BEGIN Entries supplied

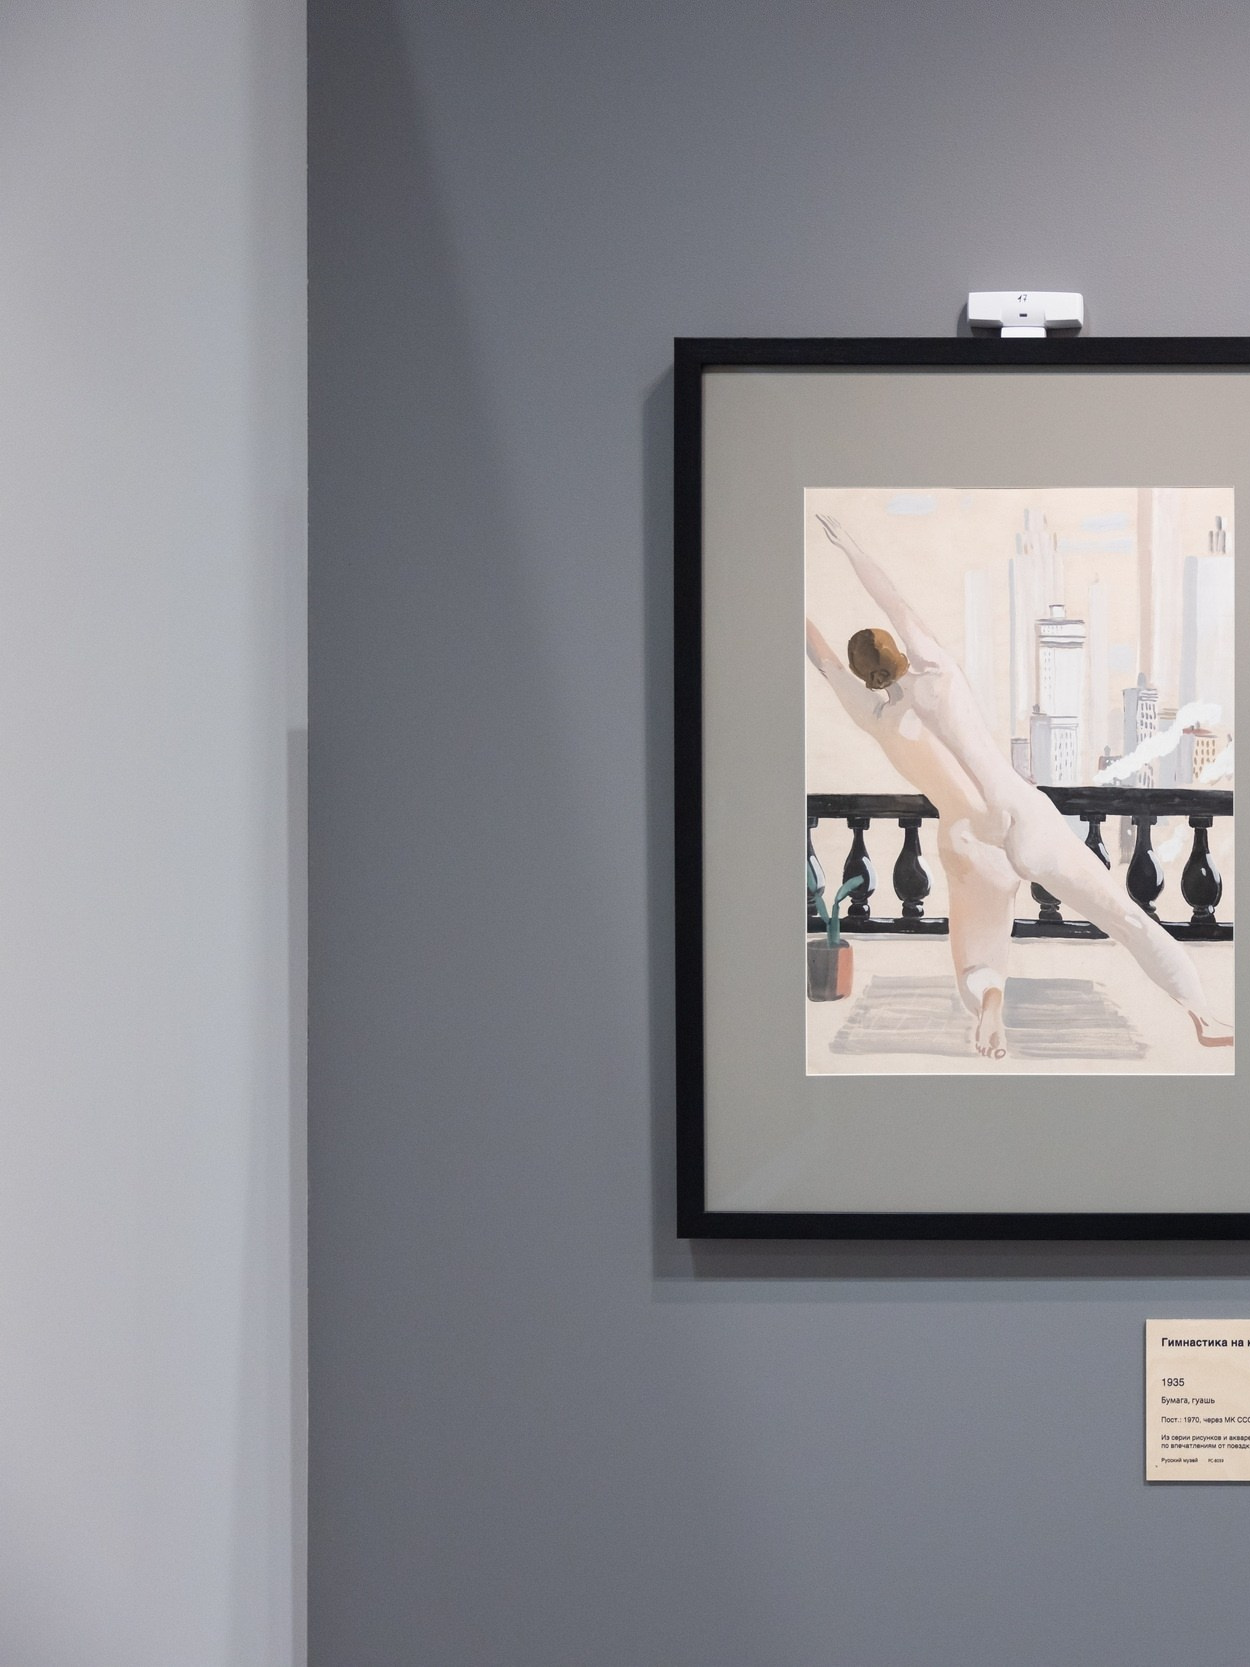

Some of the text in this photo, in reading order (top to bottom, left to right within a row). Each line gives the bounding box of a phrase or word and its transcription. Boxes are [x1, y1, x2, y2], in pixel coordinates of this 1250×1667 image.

[1161, 1337, 1228, 1348] Гимнастика
[1231, 1339, 1245, 1348] на
[1161, 1377, 1185, 1387] 1935
[1161, 1396, 1190, 1405] Бумага,
[1183, 1416, 1202, 1425] 1970,
[1224, 1416, 1236, 1424] МК

END Entries supplied

[Exercise brief] Your task is to set down each line above verbatim while excluding the pictures.

[Solution to this exercise]
Some of the text in this photo, in reading order (top to bottom, left to right within a row). Each line gives the bounding box of a phrase or word and its transcription. Boxes are [x1, y1, x2, y2], in pixel coordinates of this 1250×1667 image.

[1161, 1337, 1228, 1348] Гимнастика
[1231, 1339, 1245, 1348] на
[1161, 1377, 1185, 1387] 1935
[1161, 1396, 1190, 1405] Бумага,
[1183, 1416, 1202, 1425] 1970,
[1224, 1416, 1236, 1424] МК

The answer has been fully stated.